To do
An exact retyping of all lines below is the answer; pictures do not belong in it.

Given records
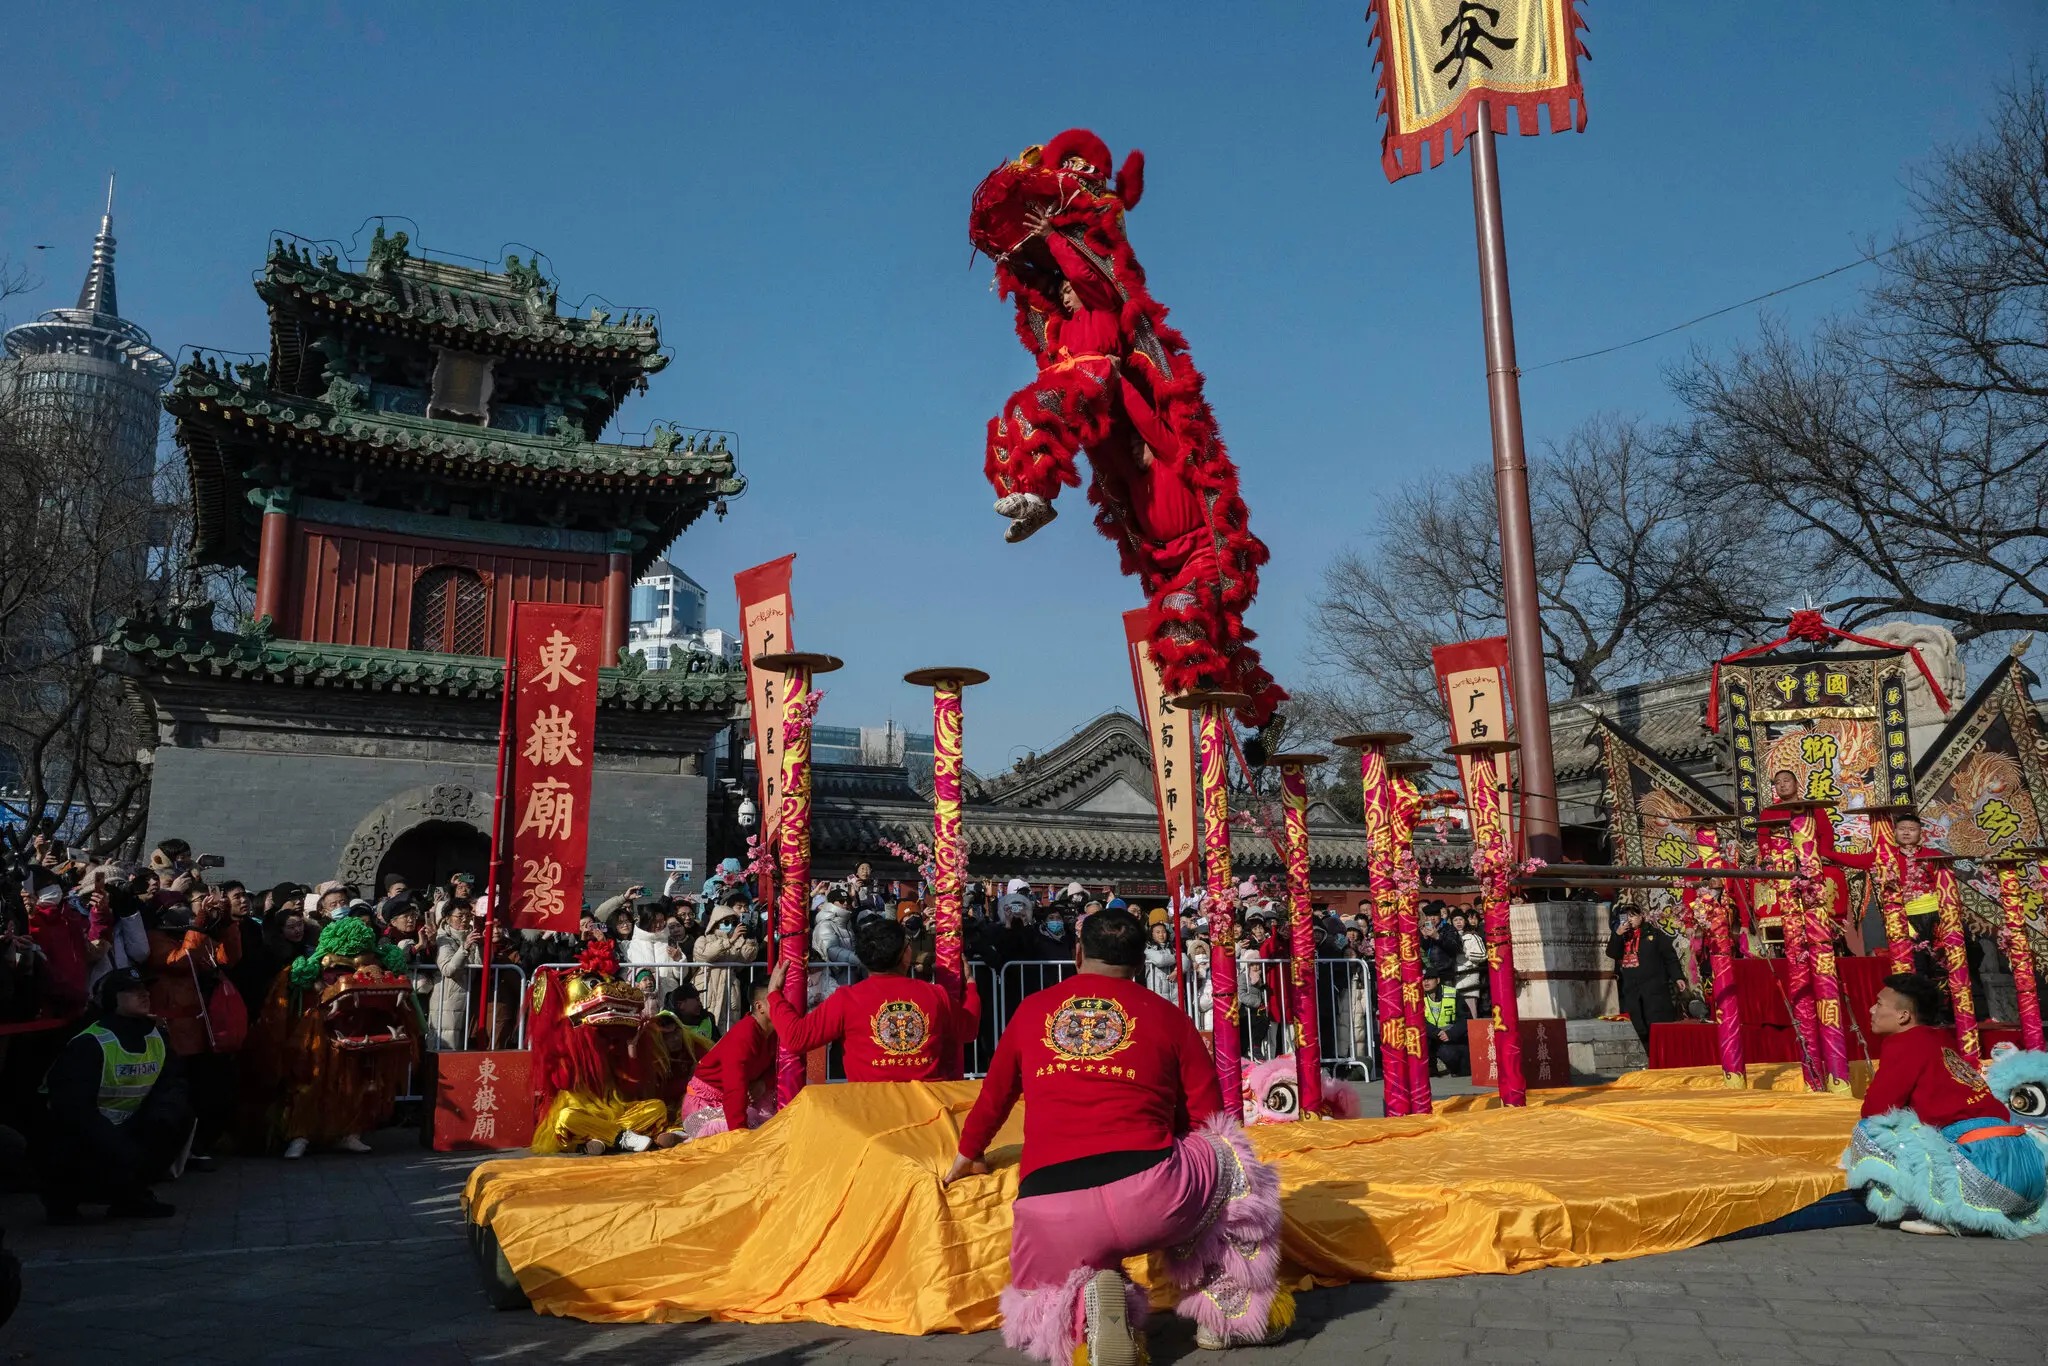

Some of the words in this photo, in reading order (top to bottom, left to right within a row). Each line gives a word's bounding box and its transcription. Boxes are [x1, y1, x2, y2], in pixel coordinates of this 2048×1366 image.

[1433, 0, 1519, 90] 安
[1468, 690, 1488, 739] 广西
[1804, 672, 1819, 701] 北京
[515, 630, 587, 841] 東嶽廟
[1080, 1000, 1103, 1009] 北京
[470, 1058, 500, 1141] 東嶽廟
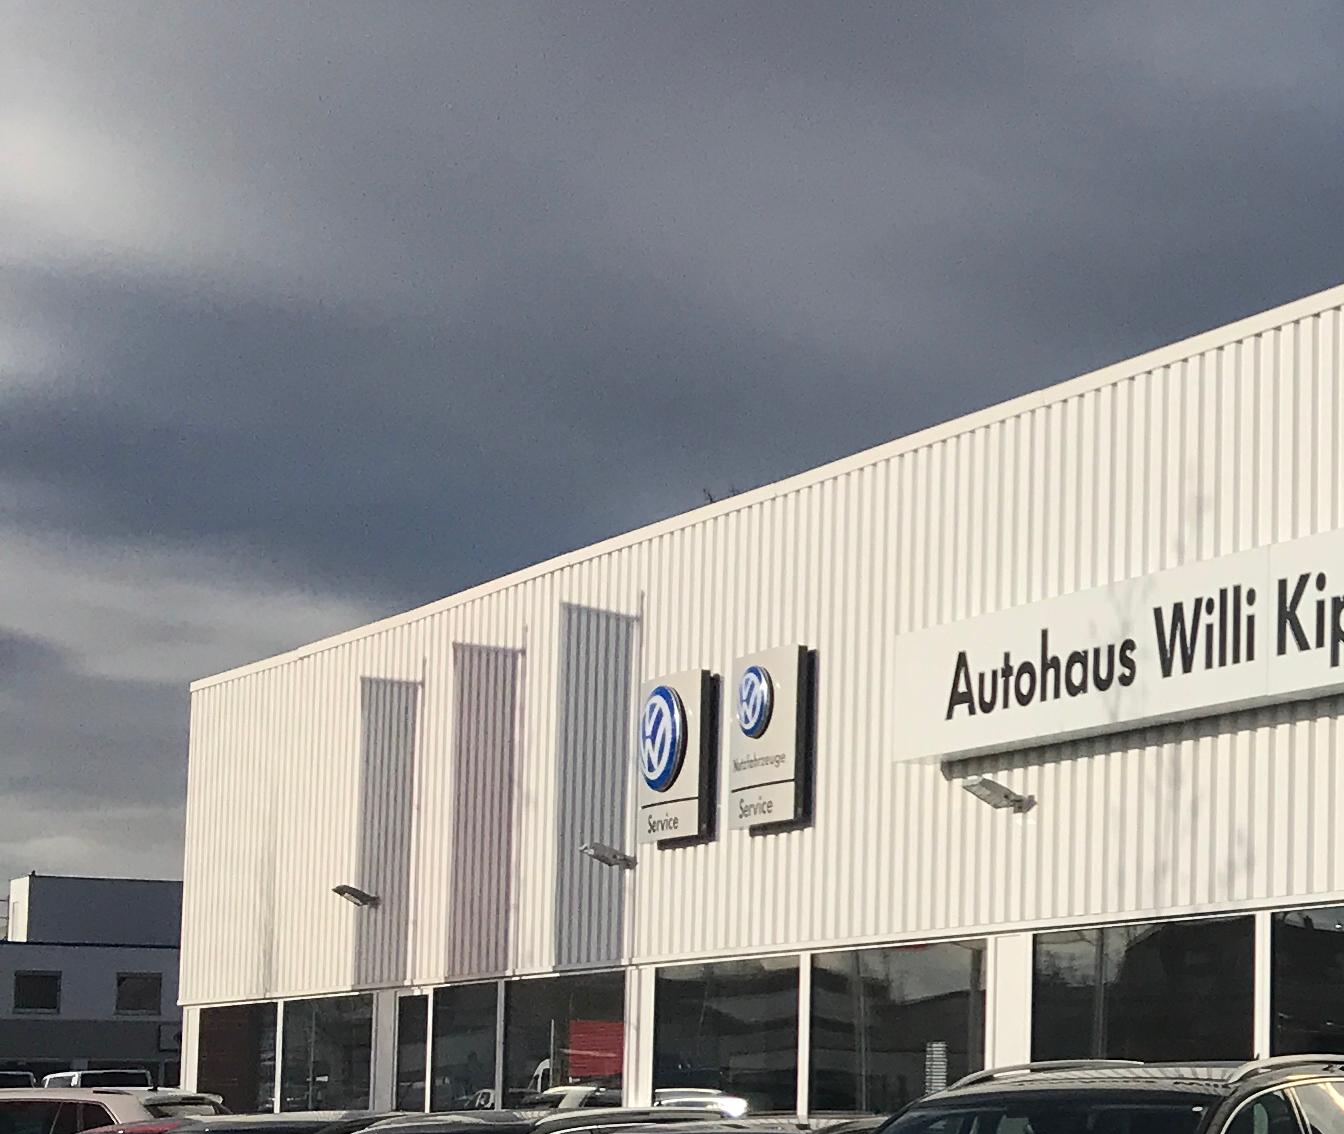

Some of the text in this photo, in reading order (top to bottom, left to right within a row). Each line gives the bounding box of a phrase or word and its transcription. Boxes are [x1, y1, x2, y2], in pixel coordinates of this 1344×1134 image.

[945, 628, 1137, 721] Autohaus
[1153, 583, 1257, 679] Willi
[732, 751, 786, 772] Nutzfahrzeuge
[738, 797, 774, 819] Service
[647, 812, 679, 834] Service
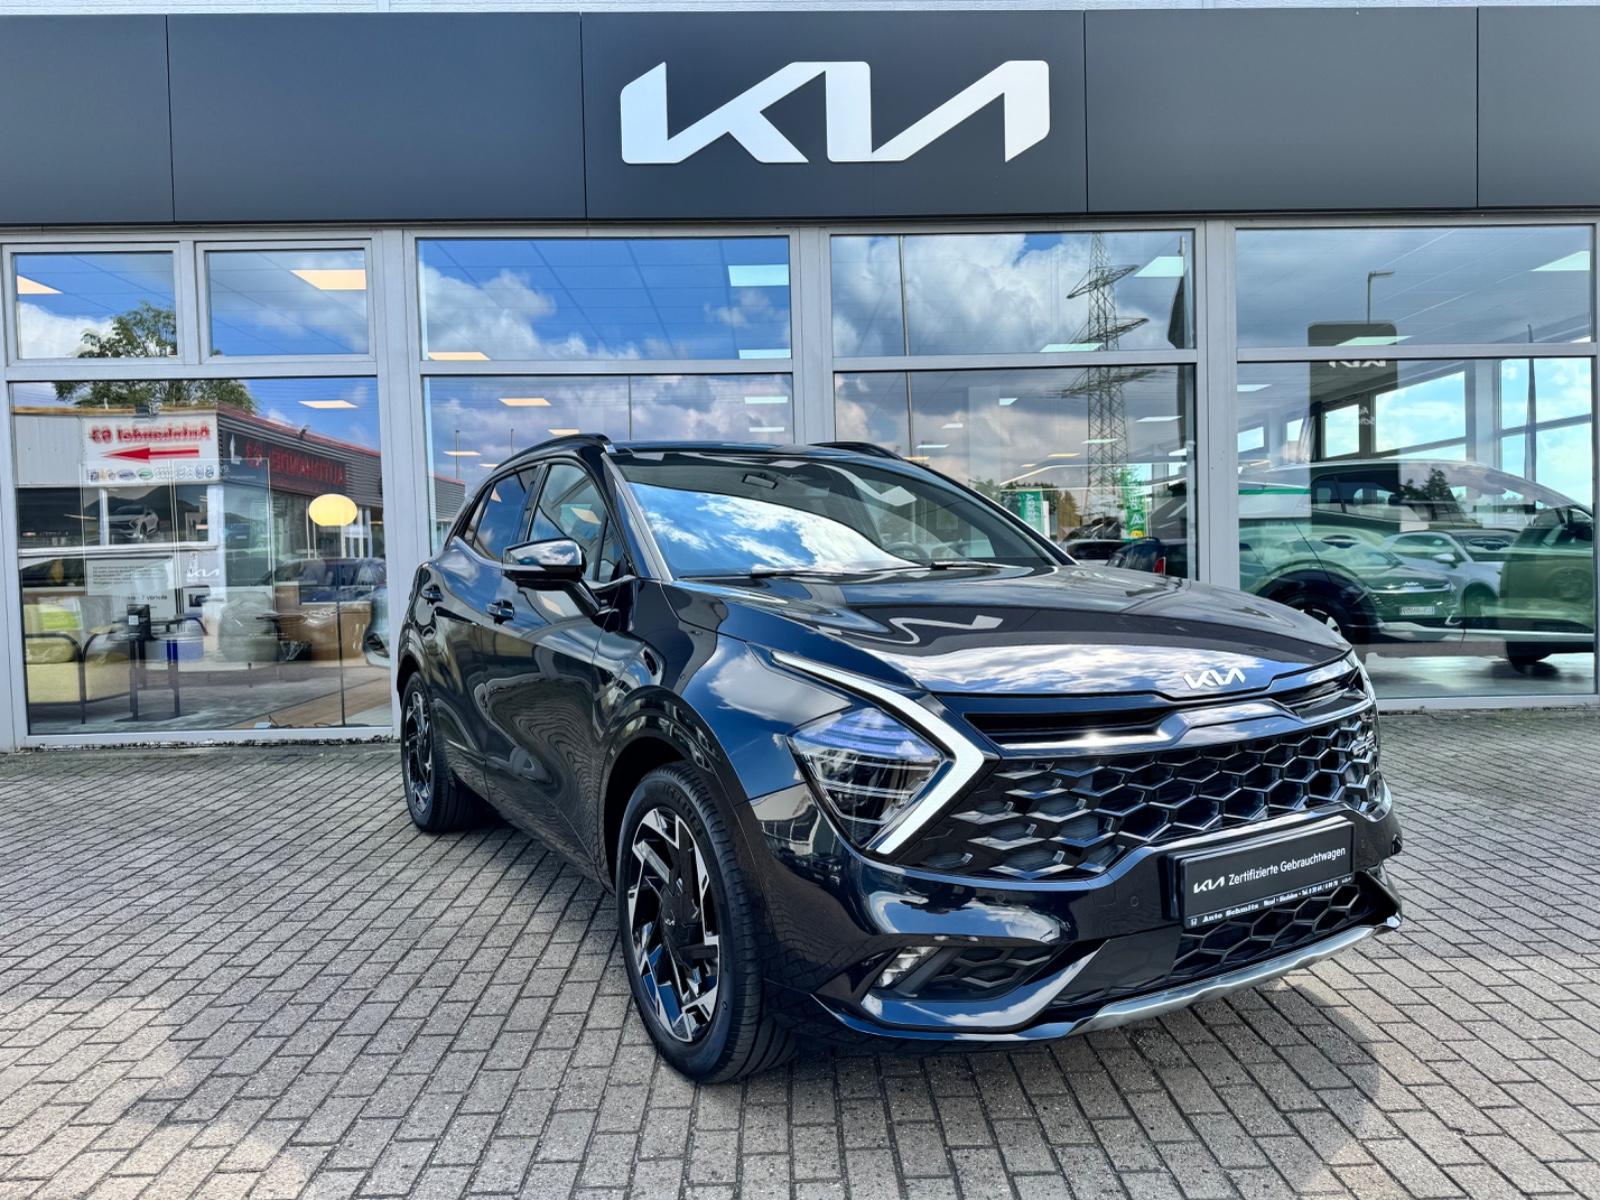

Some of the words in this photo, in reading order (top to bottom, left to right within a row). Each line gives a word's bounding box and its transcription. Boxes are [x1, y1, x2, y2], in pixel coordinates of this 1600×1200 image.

[620, 60, 1050, 164] KIA
[1183, 667, 1246, 690] KIA
[1193, 876, 1225, 894] KIA
[1228, 864, 1279, 886] Zertifizierte
[1280, 847, 1346, 872] Gebrauchtwagen
[1202, 912, 1224, 923] Auto

Finished exercise
Some of the words in this photo, in reading order (top to bottom, left to right within a row). Each line gives a word's bounding box and its transcription. Boxes are [x1, y1, x2, y2], in pixel coordinates of this 2048×1366 image.

[1433, 0, 1519, 90] 安
[1468, 690, 1488, 739] 广西
[1804, 672, 1819, 701] 北京
[515, 630, 587, 841] 東嶽廟
[1080, 1000, 1103, 1009] 北京
[470, 1058, 500, 1141] 東嶽廟

Some of the text in this photo, in reading order (top to bottom, left to right within a row). Each line gives the bounding box of a phrase or word and its transcription. Boxes are [x1, y1, x2, y2], in pixel coordinates of this 1344×1134 image.

[945, 628, 1137, 721] Autohaus
[1153, 583, 1257, 679] Willi
[732, 751, 786, 772] Nutzfahrzeuge
[738, 797, 774, 819] Service
[647, 812, 679, 834] Service

Some of the words in this photo, in reading order (top to bottom, left to right within a row). Each line gives a word's bounding box and its transcription. Boxes are [x1, y1, x2, y2], in pixel coordinates of this 1600×1200 image.

[620, 60, 1050, 164] KIA
[1183, 667, 1246, 690] KIA
[1193, 876, 1225, 894] KIA
[1228, 864, 1279, 886] Zertifizierte
[1280, 847, 1346, 872] Gebrauchtwagen
[1202, 912, 1224, 923] Auto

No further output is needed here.